Looking into the future
As the community continues to grow, Through the Lens hopes to share the practice of visio divina with others. Last summer, Newcomb taught a class in visio divina and contemplative photography at the Synod of Lakes and Prairies’ Synod School in Storm Lake, Iowa.
Closer to home, Through the Lens participates in an annual local arts festival that offers the group greater visibility in the community and the opportunity to invite others to their gatherings.
Newomb has found that people gravitate to the practice of visio divina, even if they are not photographers themselves. In response to this interest, Through the Lens is creating a series of photo devotionals. For their first book, they partnered with a Presbyterian pastor to create an Advent devotional. (A free PDF of the book is available on the Through the Lens website.) Recently, they’ve created a 52-week photo devotional, pairing images with Scripture and mediations.
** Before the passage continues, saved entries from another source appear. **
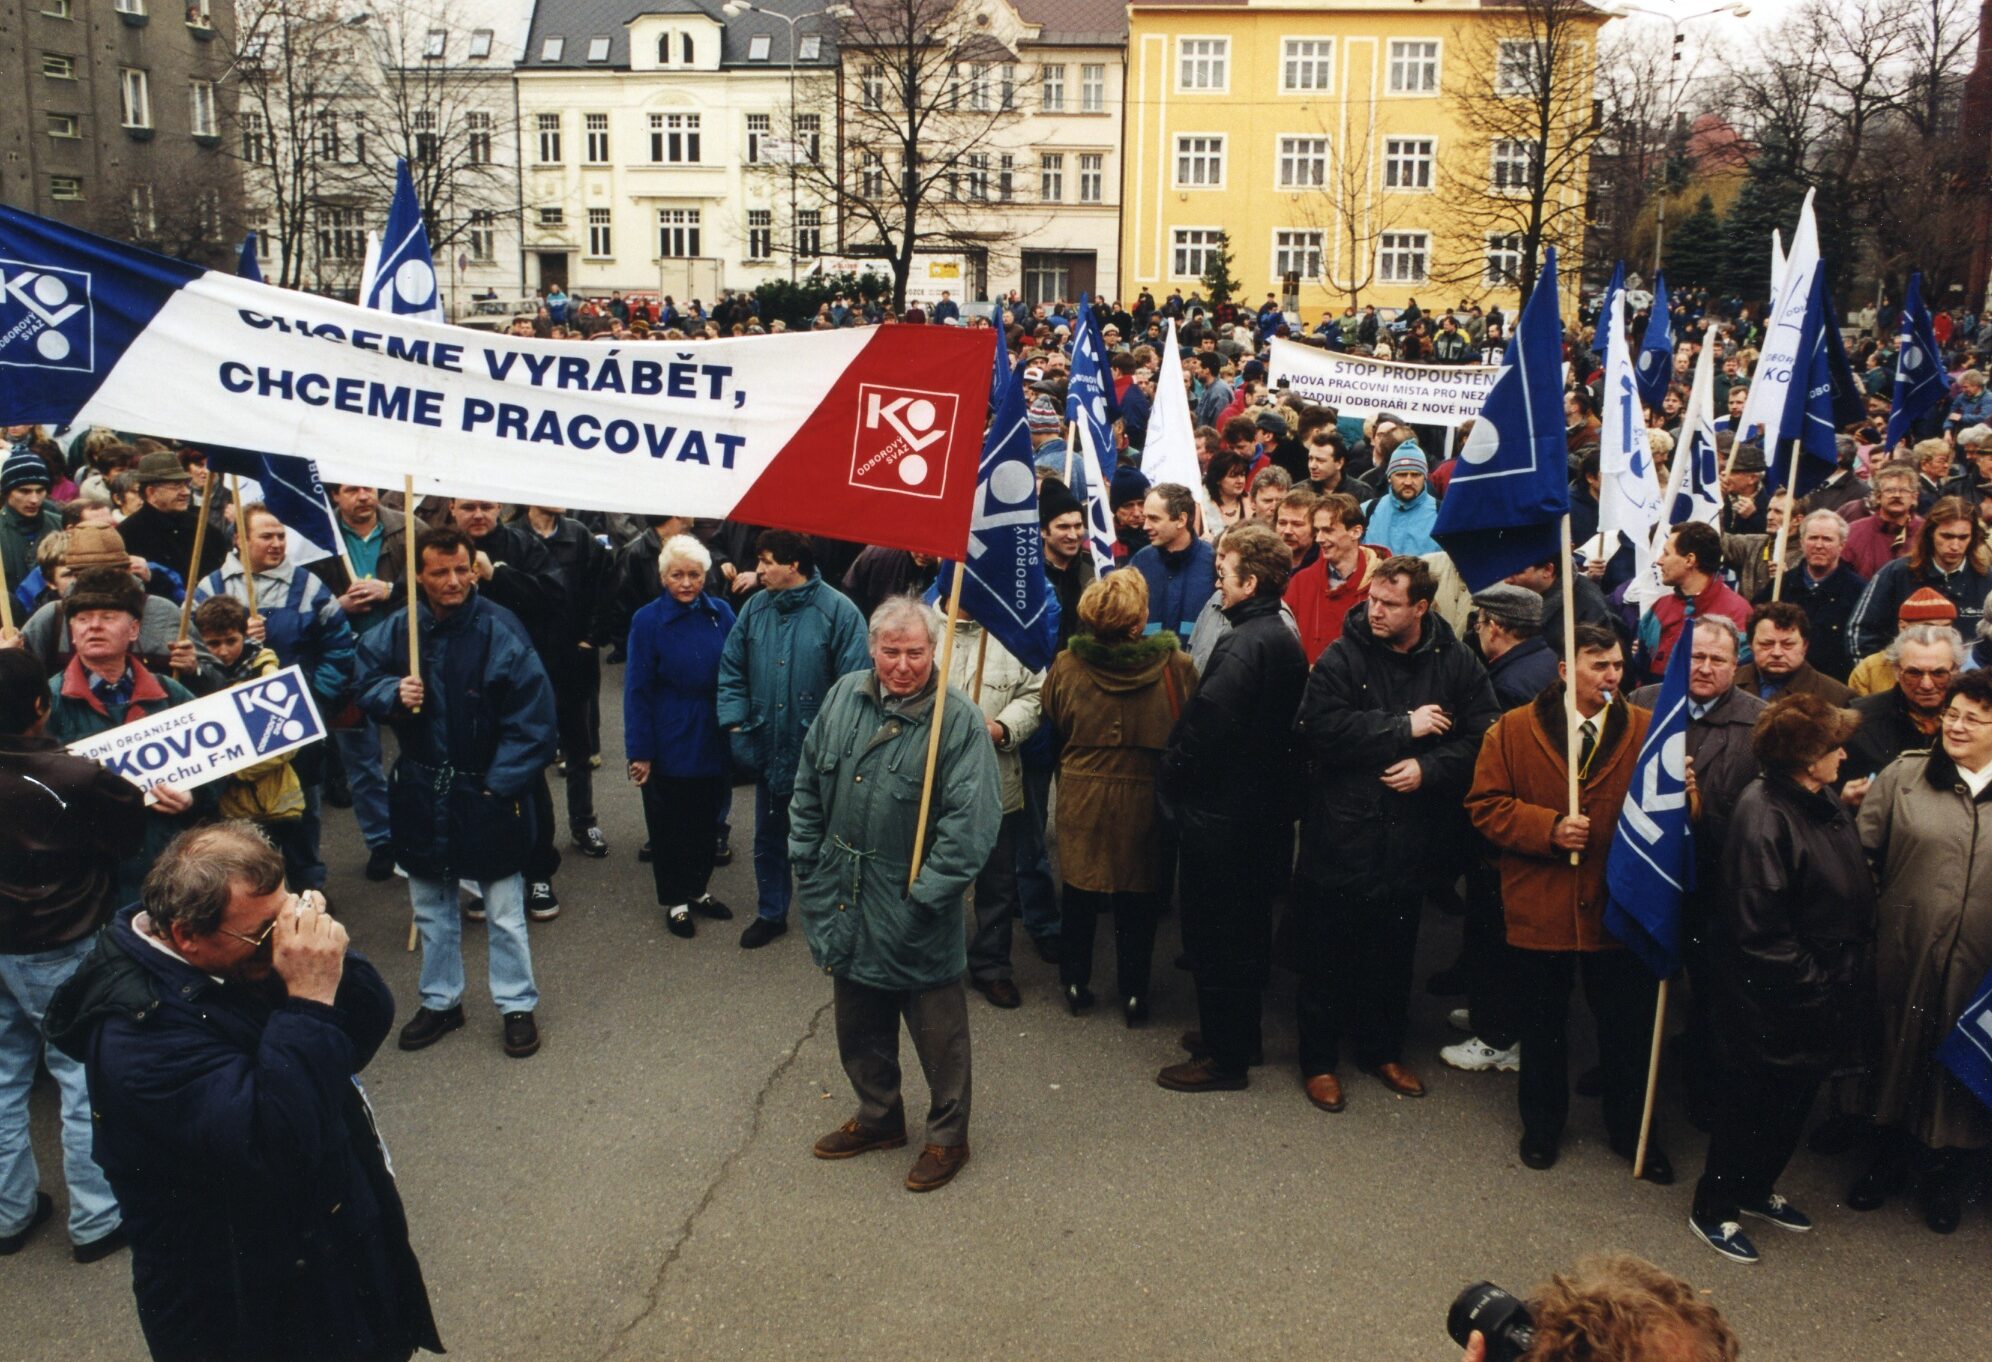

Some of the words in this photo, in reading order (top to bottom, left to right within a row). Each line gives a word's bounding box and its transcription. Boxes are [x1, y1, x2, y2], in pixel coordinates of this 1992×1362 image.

[0, 310, 37, 352] DBOROVÝ
[20, 319, 45, 341] SVAZ
[483, 349, 746, 409] VYRÁBĚT,
[1335, 361, 1377, 376] STOP
[1411, 402, 1419, 411] Z
[1433, 388, 1457, 398] PRO
[219, 361, 445, 428] CHCEME
[462, 397, 746, 469] PRACOVAT
[857, 435, 904, 476] ODBOROVÝ
[866, 393, 947, 485] KOVO
[886, 444, 910, 465] SVAZ
[1028, 527, 1039, 565] SVAZ
[1015, 526, 1027, 610] ODBOROVÝ
[116, 712, 197, 749] ORGANIZACE
[239, 681, 304, 741] KOVO
[105, 721, 227, 776] KOVO
[208, 743, 245, 768] F-M
Through the Lens doesn’t look like a “typical” Presbyterian church. There’s no church building, no hymnals, no formal sermon. But to those who participate, it is church. It is a place where community is built, fellowship shared, God experienced, and Scripture encountered.
Newcomb resonates with a description of church she once heard: “The mark of an effective church is not how many people come, but how many people live differently as a result of having been there.”